Case ID: f-appx_236/html/0308-01.html
Source: Caselaw Access Project
Author: {"author": "", "license": "Public Domain", "url": "https://static.case.law/"}
Date Created: 2024-08-24T03:29:51.129683

DAO MIN LIN, Petitioner, v. Alberto R. GONZALES, Attorney General, Respondent.
    No. 04-76162.
    United States Court of Appeals, Ninth Circuit.
    Argued and Submitted May 9, 2007.
    Filed June 6, 2007.
    Gary J. Yerman, Esq., Law Office of Gary J. Yerman, New York, NY, for Petitioner.
    Ronald E. Lefevre, Chief Counsel, Office of the District Counsel, Department of Homeland Security, San Francisco, CA, WWS-District Counsel, Immigration and Naturalization Service, Office of the District Counsel, Karyn S. Johnson, Esq., Office of the U.S. Attorney, Seattle, WA, for Respondent.
    
      Before: HUG, McKEOWN, and W. FLETCHER, Circuit Judges.
   MEMORANDUM

Dao Min Lin, a Chinese citizen, petitions for review of a Board of Immigration Appeals’ (BIA) order denying his third motion to reopen his exclusion proceedings. Because the BIA relied on faulty legal reasoning to reject Lin’s ineffective assistance of counsel claim, we grant his petition and remand to the BIA with instructions to reopen proceedings.

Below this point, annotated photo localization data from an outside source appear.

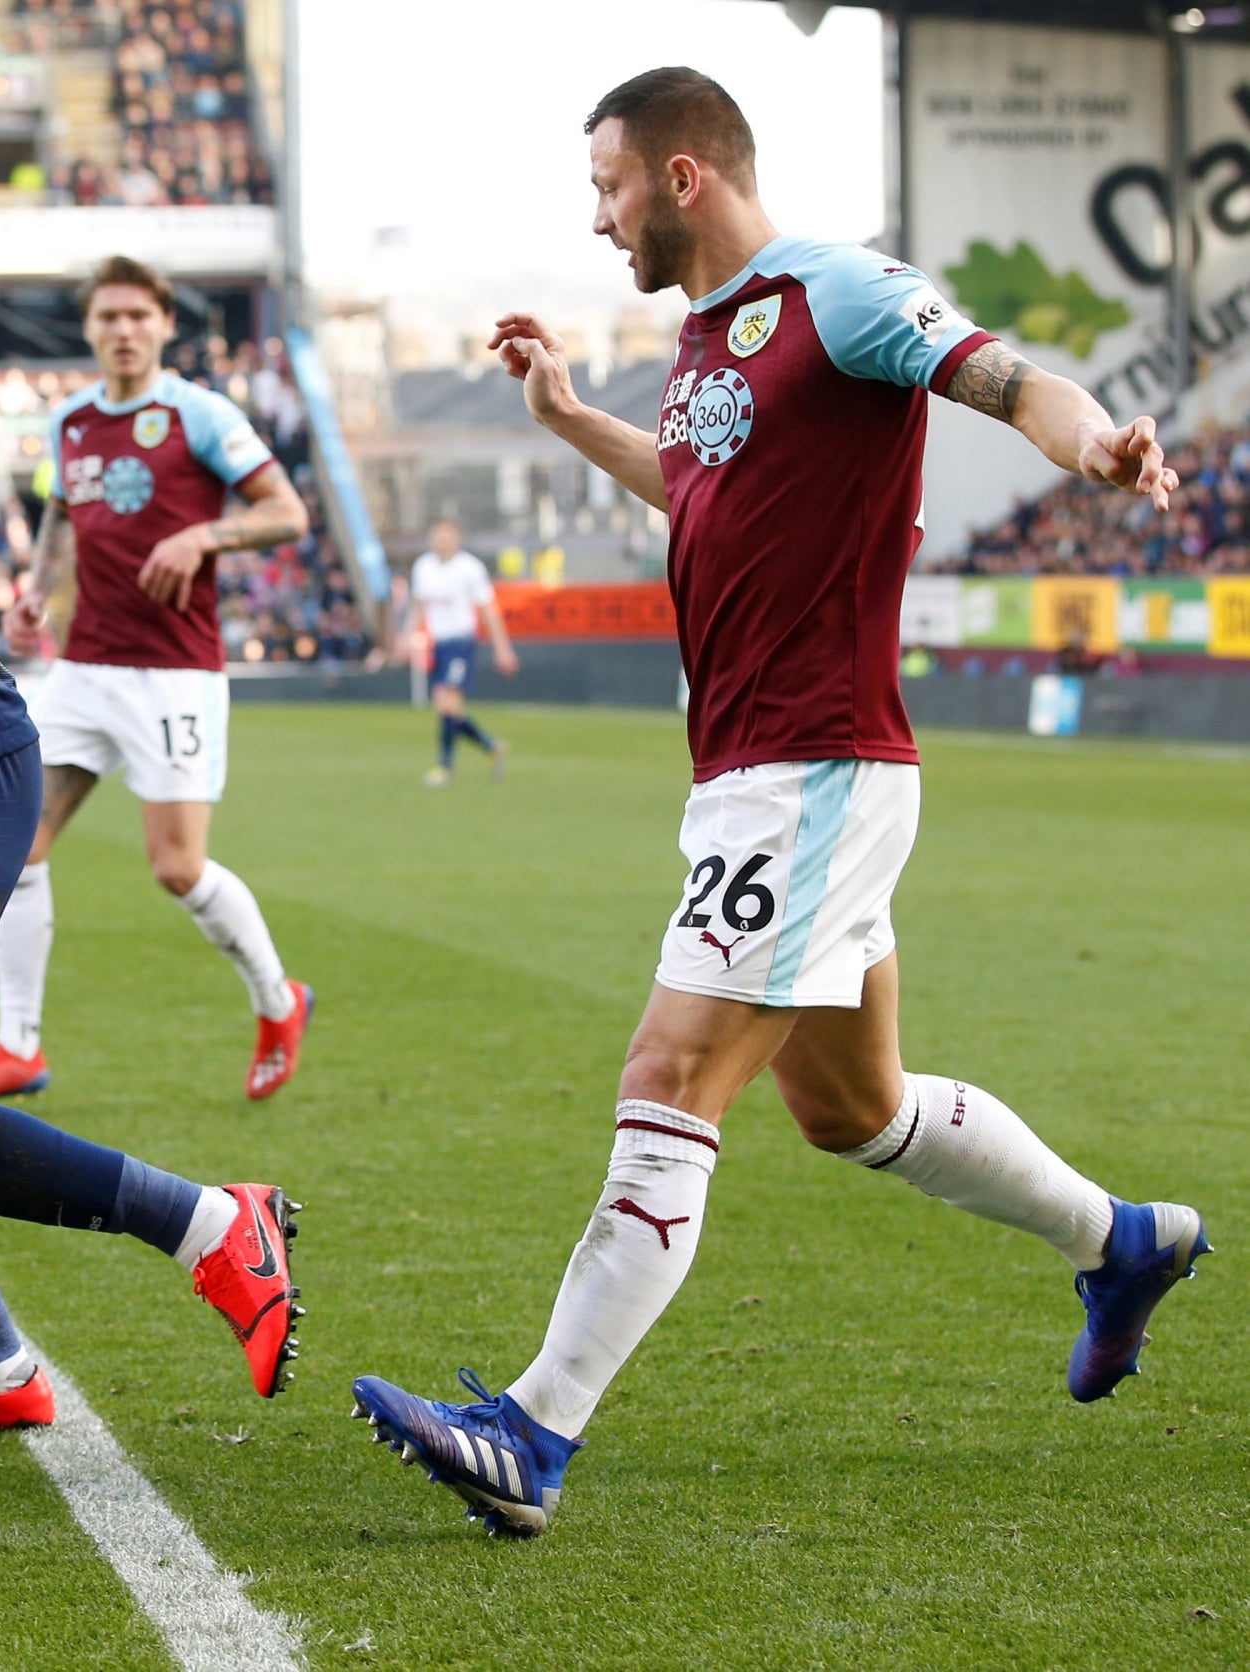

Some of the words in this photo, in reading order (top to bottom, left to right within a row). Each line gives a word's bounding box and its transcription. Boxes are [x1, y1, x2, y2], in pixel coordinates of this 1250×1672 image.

[657, 408, 688, 452] LaBa
[697, 402, 732, 429] 360
[160, 714, 201, 757] 13
[677, 853, 774, 932] 26
[950, 1082, 966, 1127] BFC

An immigration judge entered an order of exclusion against Lin in absentia after Lin, on the advice of counsel, did not appear at his 1994 exclusion hearing. In its order denying Lin’s third motion to reopen, the BIA concluded that Lin had not received ineffective assistance because “reliance on an attorney to obtain a change of venue does not excuse an alien from appearing at his scheduled hearing.” This case, however, does not involve an alien who skipped a hearing because he assumed his attorney would obtain a change of venue; rather, it involves an alien who followed counsel’s explicit instruction not to attend his exclusion hearing. We have held that an alien receives ineffective assistance and is entitled to have his case reopened when he misses a required hearing and is ordered removed in absentia due to the erroneous advice of his counsel or immigration consultant. See Lo v. Ashcroft, 341 F.3d 934, 935 (9th Cir.2003); Monjaraz-Munoz v. INS, 327 F.3d 892, 896-97 (9th Cir.2003); Fajardo v. INS, 300 F.3d 1018, 1022 n. 8 (9th Cir.2002). Although the government questions the diligence with which Lin pursued his ineffective assistance claim, the BIA did not reject the claim on that basis. We “ ‘cannot affirm the BIA on a ground upon which it did not rely.’ ” Bhasin v. Gonzales, 423 F.3d 977, 987 (9th Cir.2005) (quoting Navas v. INS, 217 F.3d 646, 658 n. 16 (9th Cir.2000)).

Because we grant Lin’s petition and instruct the BIA to reopen, we do not separately address Lin’s asylum and adjustment of status claims.

GRANTED and REMANDED. 
      
       This disposition is not appropriate for publication and is not precedent except as provided by 9th Cir. R. 36-3.